The records below hold pictures; please leave those out and retype the rest exactly.

Spatial localization data
——————

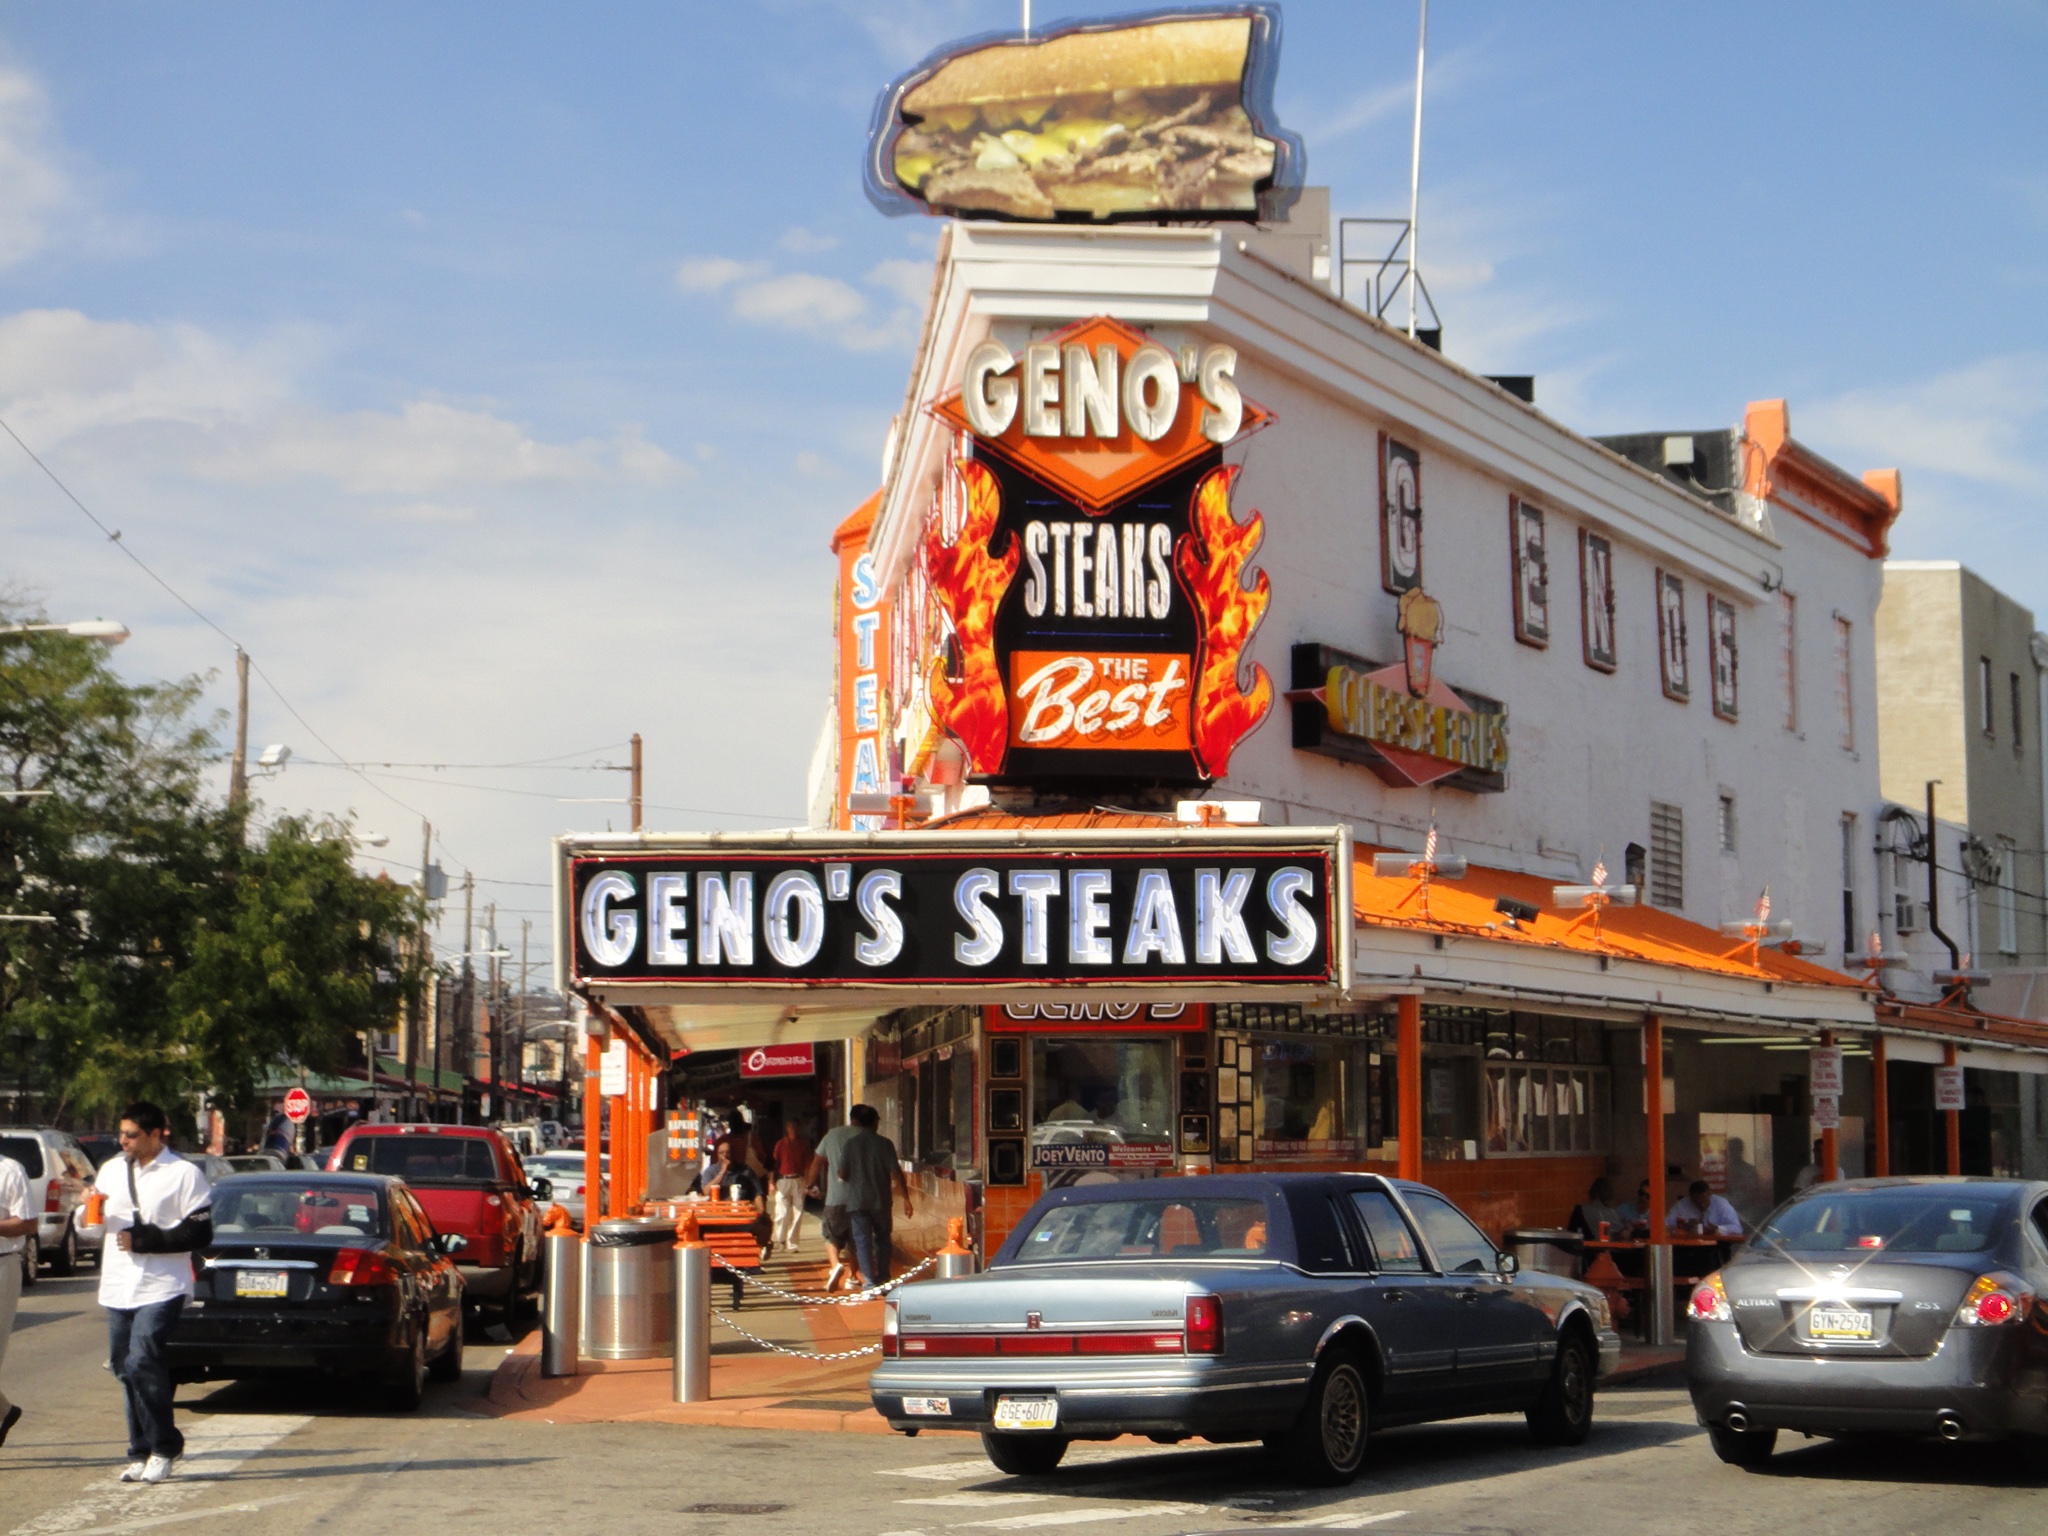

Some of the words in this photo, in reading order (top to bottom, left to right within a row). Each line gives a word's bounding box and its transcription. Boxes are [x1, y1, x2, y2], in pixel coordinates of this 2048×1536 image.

[961, 340, 1243, 443] GENO'S
[1024, 520, 1172, 620] STEAKS
[1098, 658, 1149, 681] THE
[1017, 656, 1187, 743] Best
[1329, 665, 1437, 756] CHEESE
[581, 862, 904, 967] GENO'S
[953, 867, 1318, 968] STEAKS
[285, 1099, 310, 1113] STOP
[668, 1120, 699, 1131] NAPKINS
[668, 1137, 699, 1149] NAPKINS
[1154, 1144, 1172, 1153] You!
[1034, 1146, 1065, 1165] JOEY
[1064, 1146, 1106, 1163] VENTO
[1737, 1299, 1775, 1307] ALTIMA

——————

Answer box
Some of the words in this photo, in reading order (top to bottom, left to right within a row). Each line gives a word's bounding box and its transcription. Boxes are [x1, y1, x2, y2], in pixel coordinates of this 2048×1536 image.

[961, 340, 1243, 443] GENO'S
[1024, 520, 1172, 620] STEAKS
[1098, 658, 1149, 681] THE
[1017, 656, 1187, 743] Best
[1329, 665, 1437, 756] CHEESE
[581, 862, 904, 967] GENO'S
[953, 867, 1318, 968] STEAKS
[285, 1099, 310, 1113] STOP
[668, 1120, 699, 1131] NAPKINS
[668, 1137, 699, 1149] NAPKINS
[1154, 1144, 1172, 1153] You!
[1034, 1146, 1065, 1165] JOEY
[1064, 1146, 1106, 1163] VENTO
[1737, 1299, 1775, 1307] ALTIMA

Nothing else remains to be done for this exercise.